Data for processing below:

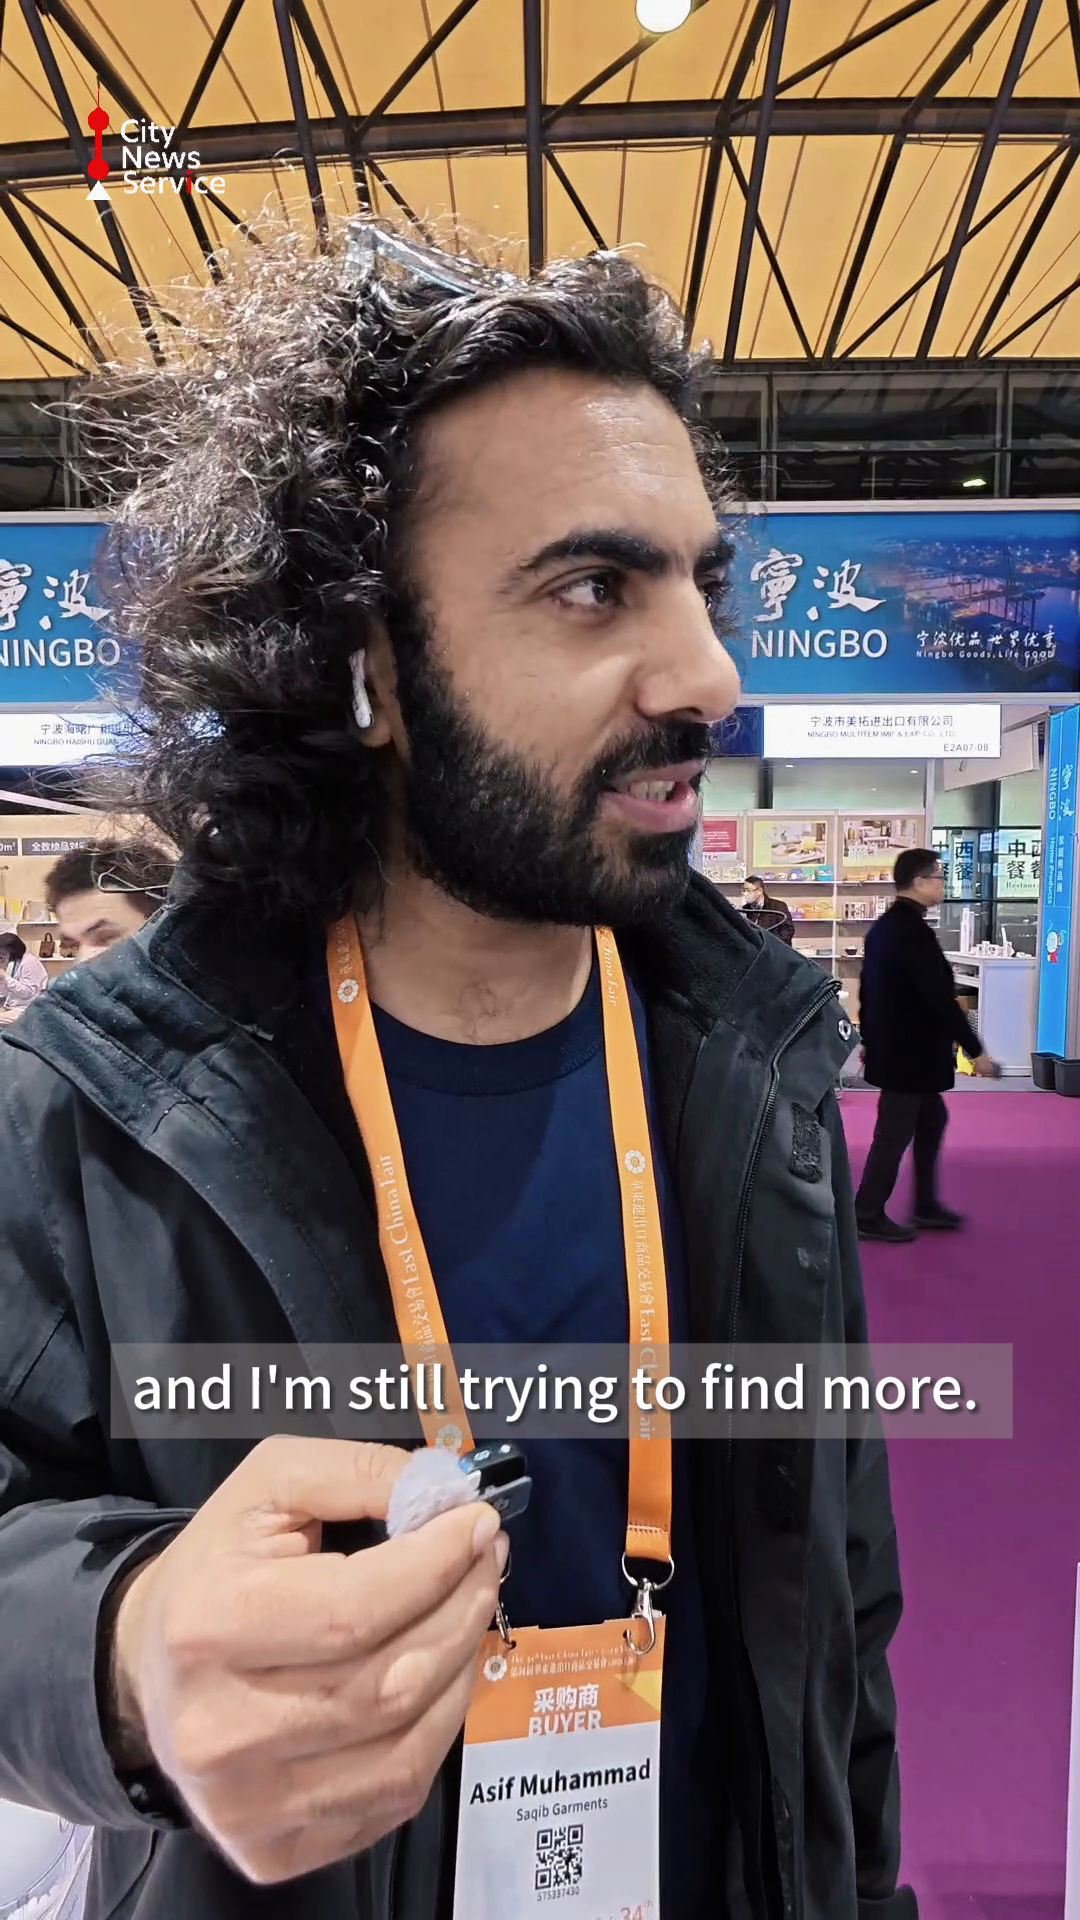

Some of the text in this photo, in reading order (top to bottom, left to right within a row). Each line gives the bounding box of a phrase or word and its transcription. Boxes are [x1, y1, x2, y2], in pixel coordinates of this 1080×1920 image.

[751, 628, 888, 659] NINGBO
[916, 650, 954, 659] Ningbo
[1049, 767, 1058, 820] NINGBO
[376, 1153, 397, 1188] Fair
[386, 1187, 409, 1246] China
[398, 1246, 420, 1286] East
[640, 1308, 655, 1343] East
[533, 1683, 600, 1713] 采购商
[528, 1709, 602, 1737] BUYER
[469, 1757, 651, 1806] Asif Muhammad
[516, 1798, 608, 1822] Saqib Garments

End of Data for processing.

What the task requires => Reproduce every line above exactly, pictures excluded.

Reply =>
Some of the text in this photo, in reading order (top to bottom, left to right within a row). Each line gives the bounding box of a phrase or word and its transcription. Boxes are [x1, y1, x2, y2], in pixel coordinates of this 1080×1920 image.

[751, 628, 888, 659] NINGBO
[916, 650, 954, 659] Ningbo
[1049, 767, 1058, 820] NINGBO
[376, 1153, 397, 1188] Fair
[386, 1187, 409, 1246] China
[398, 1246, 420, 1286] East
[640, 1308, 655, 1343] East
[533, 1683, 600, 1713] 采购商
[528, 1709, 602, 1737] BUYER
[469, 1757, 651, 1806] Asif Muhammad
[516, 1798, 608, 1822] Saqib Garments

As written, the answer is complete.